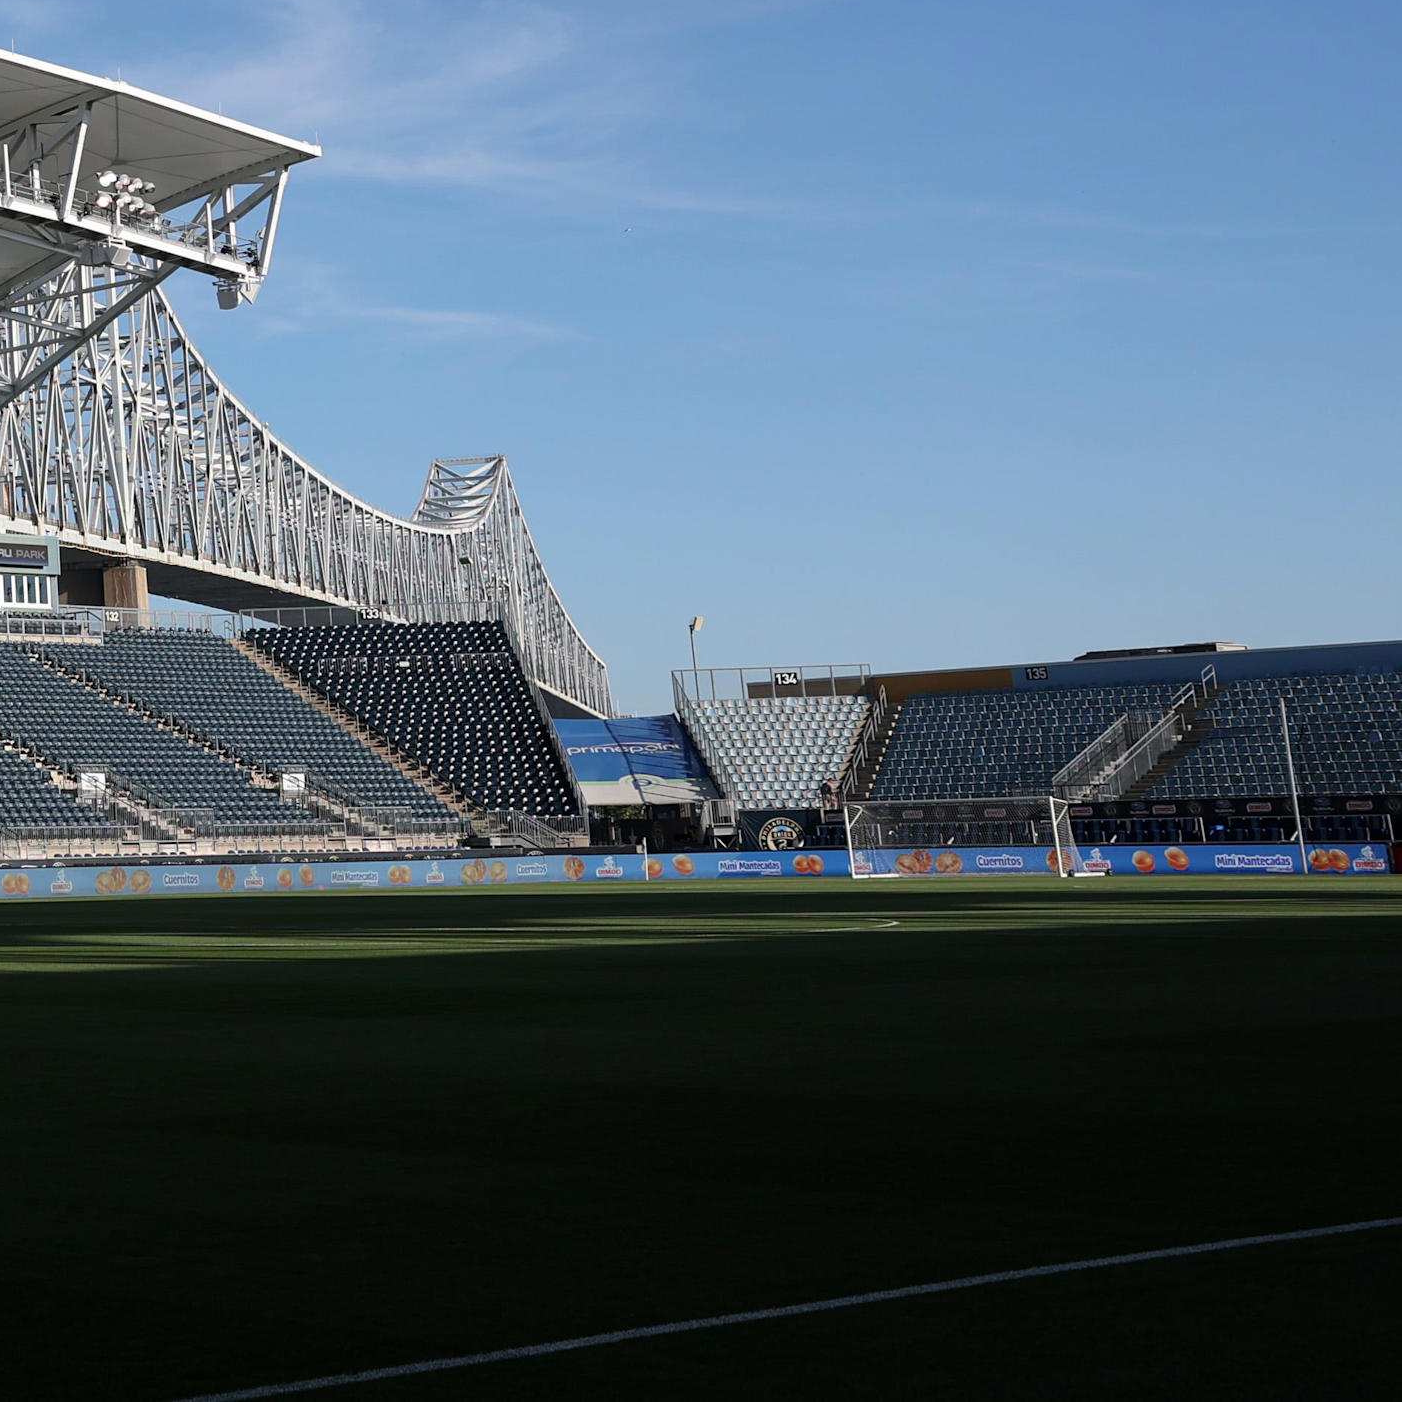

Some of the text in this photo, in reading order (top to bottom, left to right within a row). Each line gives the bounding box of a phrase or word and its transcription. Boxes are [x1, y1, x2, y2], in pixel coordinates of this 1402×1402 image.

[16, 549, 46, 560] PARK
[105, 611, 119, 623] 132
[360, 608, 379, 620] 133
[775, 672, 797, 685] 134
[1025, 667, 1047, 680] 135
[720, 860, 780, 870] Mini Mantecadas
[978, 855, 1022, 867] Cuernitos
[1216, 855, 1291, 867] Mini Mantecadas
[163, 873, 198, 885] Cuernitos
────────────────────
→ **What to work on**
All of the data above needs to be retyped exactly, with the pictures removed.

→ **Problem solution**
Some of the text in this photo, in reading order (top to bottom, left to right within a row). Each line gives the bounding box of a phrase or word and its transcription. Boxes are [x1, y1, x2, y2], in pixel coordinates of this 1402×1402 image.

[16, 549, 46, 560] PARK
[105, 611, 119, 623] 132
[360, 608, 379, 620] 133
[775, 672, 797, 685] 134
[1025, 667, 1047, 680] 135
[720, 860, 780, 870] Mini Mantecadas
[978, 855, 1022, 867] Cuernitos
[1216, 855, 1291, 867] Mini Mantecadas
[163, 873, 198, 885] Cuernitos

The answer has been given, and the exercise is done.